- EXERCISE INSTRUCTIONS:
Restate all of the entries exactly, dropping any pictures they hold.

(Phrase grounding data)

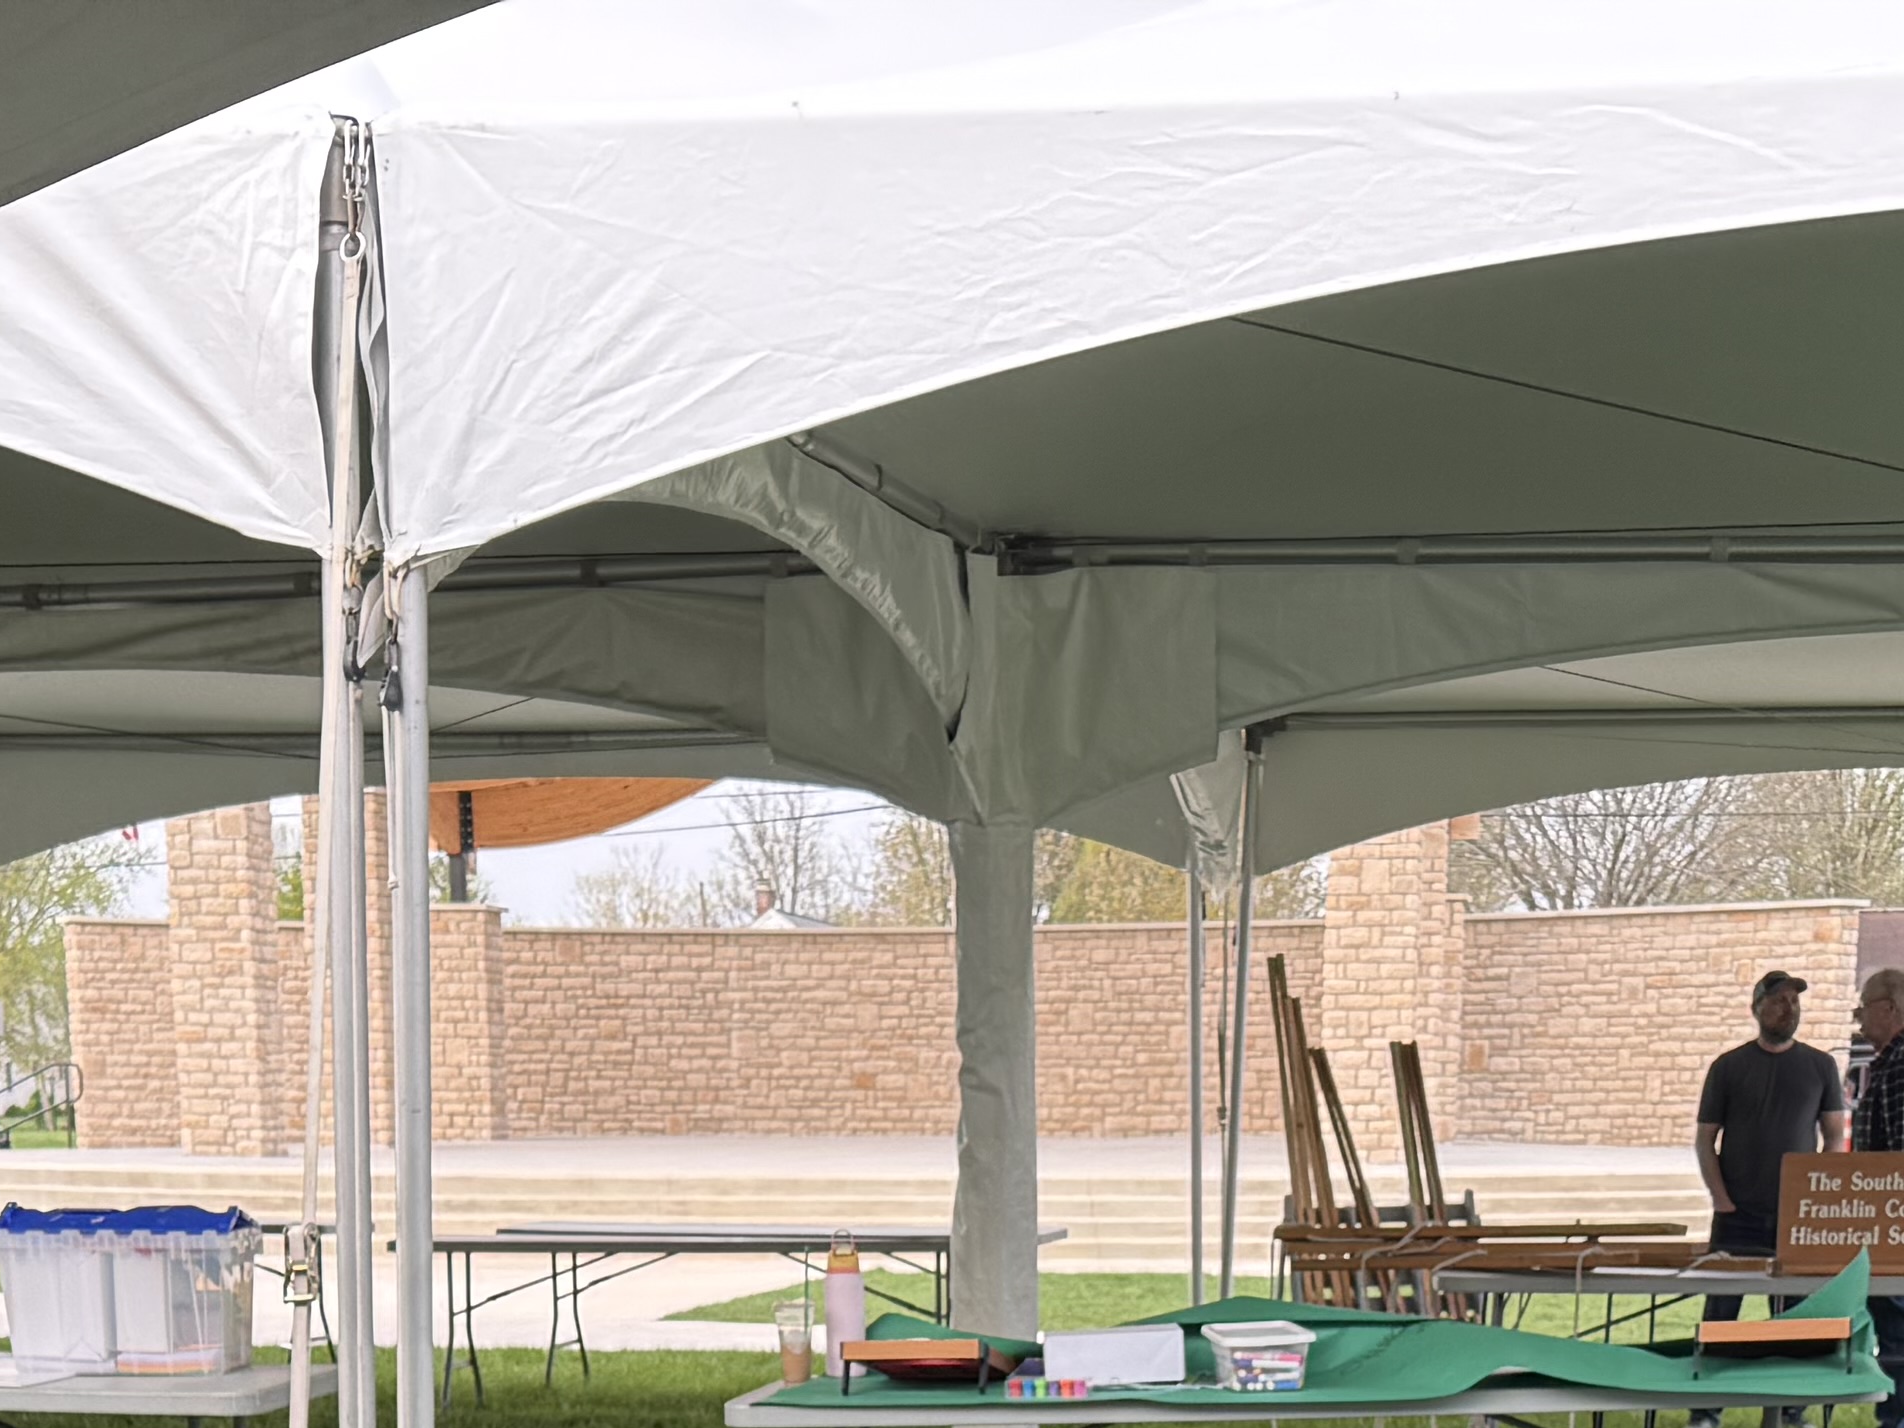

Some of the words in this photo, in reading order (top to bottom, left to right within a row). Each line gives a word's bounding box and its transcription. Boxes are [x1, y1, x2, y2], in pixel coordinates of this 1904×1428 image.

[1808, 1172, 1841, 1192] The
[1799, 1199, 1875, 1218] Franklin
[1790, 1226, 1879, 1245] Historical
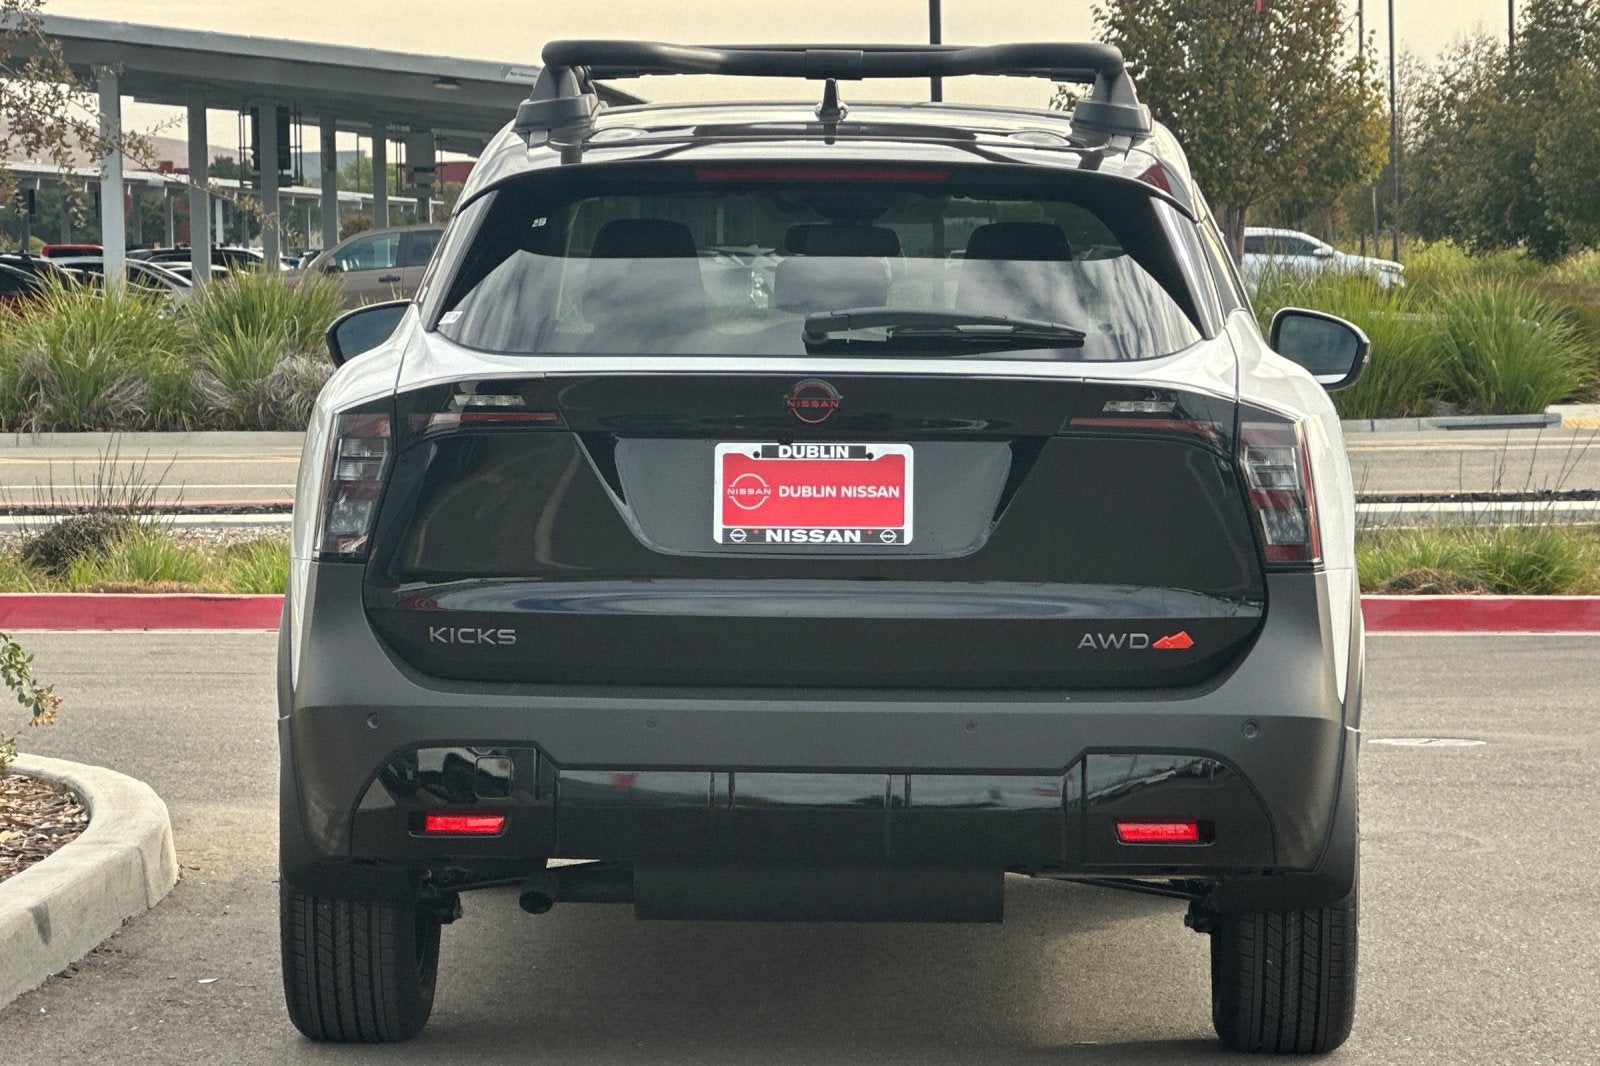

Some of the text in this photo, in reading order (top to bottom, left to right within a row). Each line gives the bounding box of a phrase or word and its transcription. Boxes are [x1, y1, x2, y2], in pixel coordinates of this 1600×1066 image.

[786, 400, 839, 408] NISSAN
[778, 445, 849, 459] DUBLIN
[727, 487, 771, 495] NISSAN
[779, 486, 900, 498] DUBLIN NISSAN
[765, 529, 861, 543] NISSAN
[429, 626, 517, 645] KICKS
[1077, 633, 1150, 649] AWD

- THE COMPLETED TASK:
Some of the words in this photo, in reading order (top to bottom, left to right within a row). Each line gives a word's bounding box and its transcription. Boxes are [x1, y1, x2, y2], in pixel coordinates of this 1904×1428 image.

[1808, 1172, 1841, 1192] The
[1799, 1199, 1875, 1218] Franklin
[1790, 1226, 1879, 1245] Historical

Some of the text in this photo, in reading order (top to bottom, left to right within a row). Each line gives the bounding box of a phrase or word and its transcription. Boxes are [x1, y1, x2, y2], in pixel coordinates of this 1600×1066 image.

[786, 400, 839, 408] NISSAN
[778, 445, 849, 459] DUBLIN
[727, 487, 771, 495] NISSAN
[779, 486, 900, 498] DUBLIN NISSAN
[765, 529, 861, 543] NISSAN
[429, 626, 517, 645] KICKS
[1077, 633, 1150, 649] AWD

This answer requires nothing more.